Debbie Purdy Debbie Purdy

New guidelines on assisted suicide will “list the factors that are likely to lead to a prosecution and those that aren’t”, the Director of Public Prosecutions has revealed.

Keir Starmer QC is trying to clarify the legal process after Law Lords backed Bradford multiple sclerosis sufferer Debbie Purdy’s call for a policy statement on whether people who helped someone kill themselves should be prosecuted.

His guidelines will be issued on Wednesday.

Mr Starmer yesterday told the BBC the factors will include whether those helping them have anything to gain from their death.

He said: “The general approach we’ve taken is to steer a careful course between protecting the vulnerable from those that might gain from hastening their death but also identifying those cases where nobody really thinks it’s in the public interest to prosecute.

“We have to look at each case on its merits but the idea is to bring clarity.

“It’s about people being able to understand the basis on which we take decisions.”

He stressed assisted suicide was still illegal and would remain so even after the new guidance was issued.

Reacting to Mr Starmer’s comments, Miss Purdy, 46, of Undercliffe, told the Telegraph & Argus she was pleased with what had been outlined so far.

“Mr Starmer is trying to make a very careful and considered approach and he’s trying to make sure there’s protection for people which isn’t there at the moment,” she said.

Miss Purdy wants to know what would happen to her Cuban husband Omar Puente if he helped her travel abroad to end her life.

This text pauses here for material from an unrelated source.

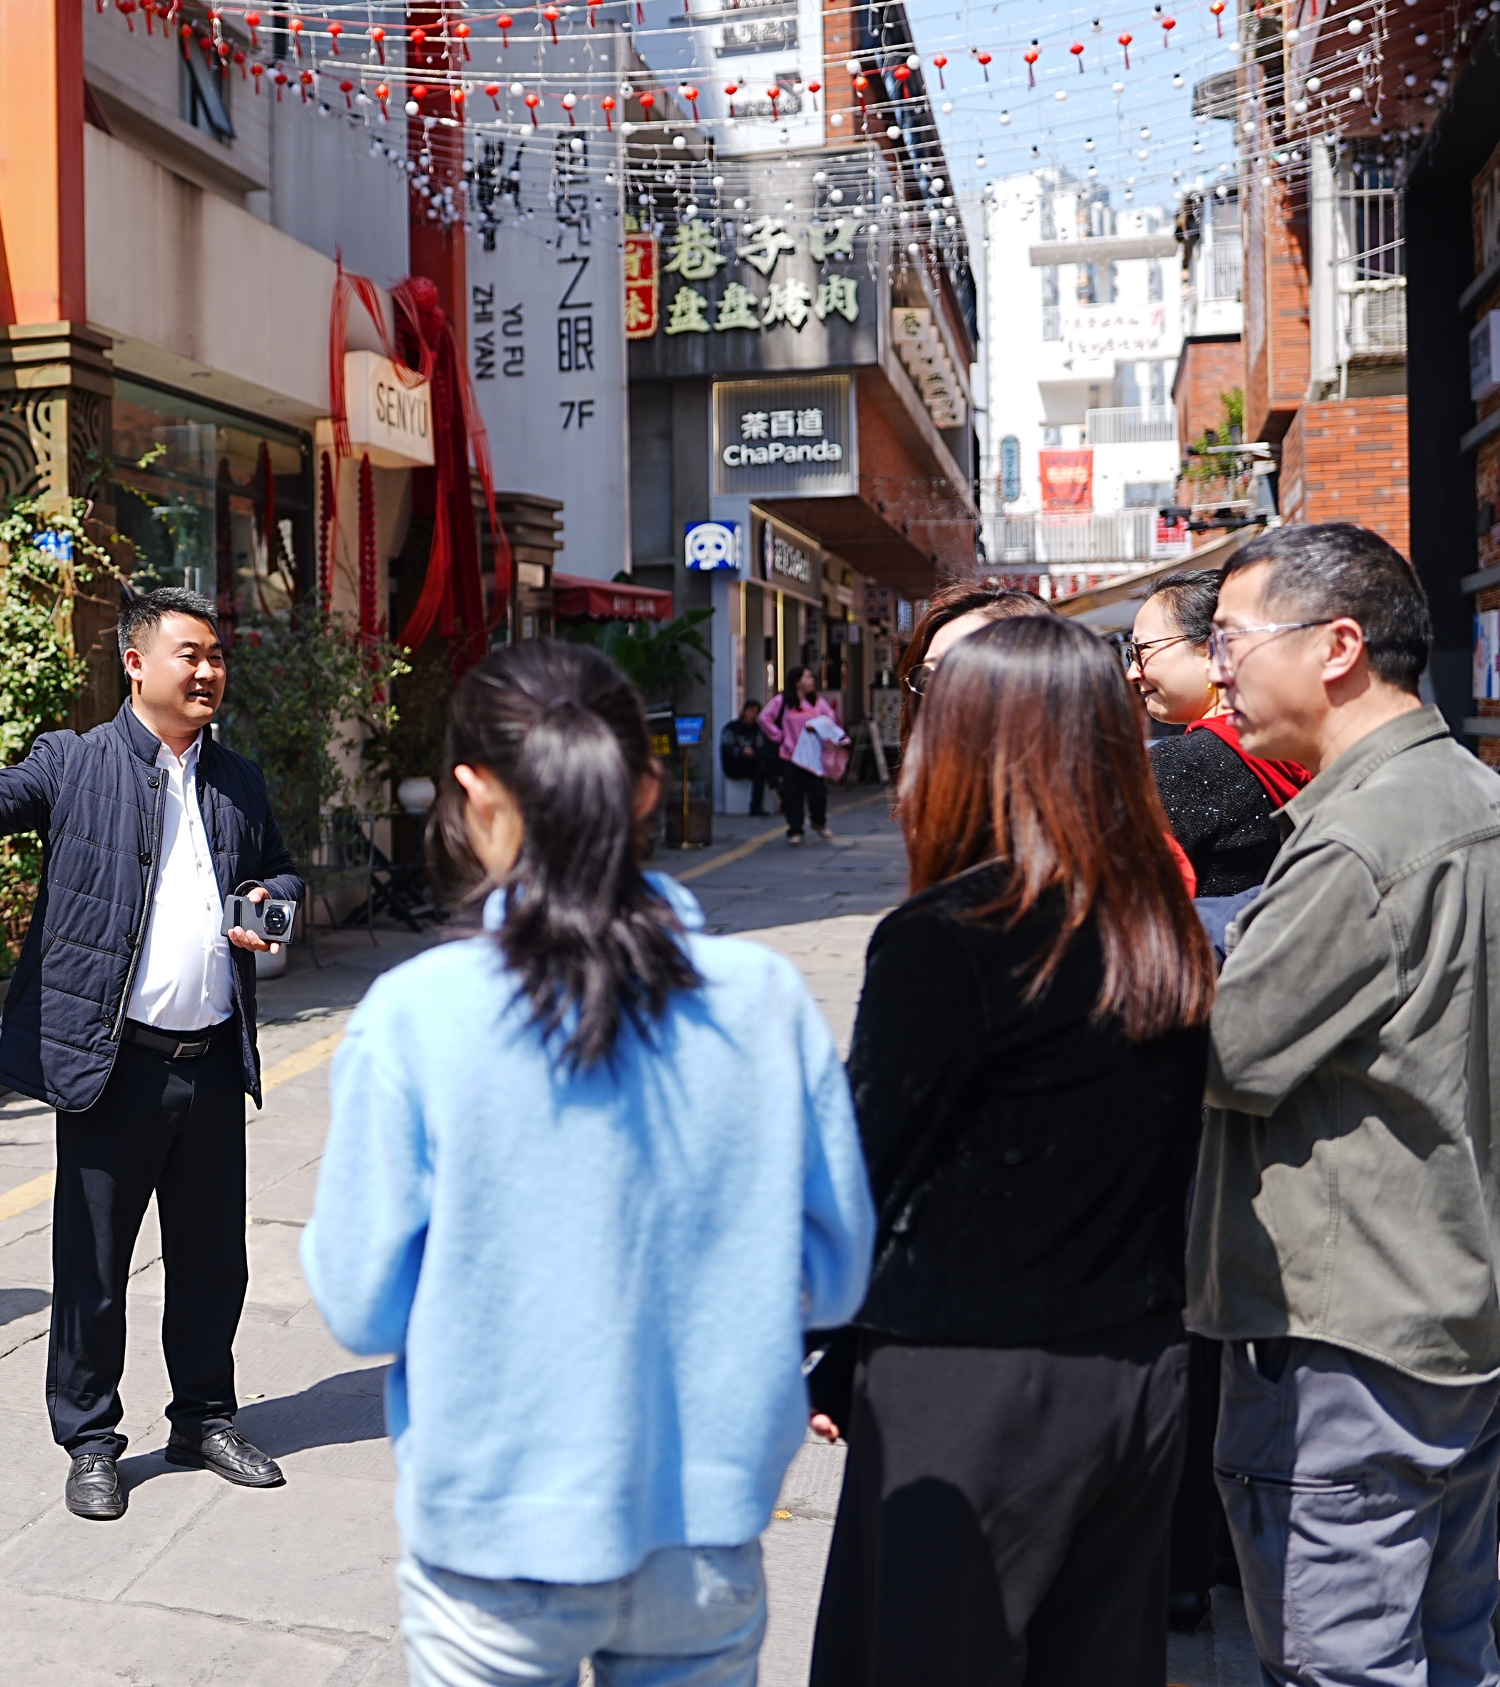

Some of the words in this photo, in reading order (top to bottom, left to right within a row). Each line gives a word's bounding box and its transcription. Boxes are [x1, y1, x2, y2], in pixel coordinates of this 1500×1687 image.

She took her case to the highest Court in the country after the High Court and Court of Appeal held that it was for Parliament, not the courts, to change the law.

The Law Lords agreed changes were a matter for Parliament, but upheld Miss Purdy’s argument that the DPP should put in writing the factors he regarded as relevant in deciding whether or not to prosecute.

She said: “He’s trying to make sure he can make the law as relevant as possible.

“I think he’s doing an amazing job – obviously we don’t know yet whether it’s exactly what I would like to see, but the suggestion is that the likelihood is that the clarity will be a lot of what I want to see.

“Just knowing what making one decision does opposed to another, what the likely outcome will be.

“He can’t change the law, he’s not in a position to do that, but he is in a position to take an extremely old law, which is in my opinion a bit out of date, and he’s going to try to bring its practice up to date.”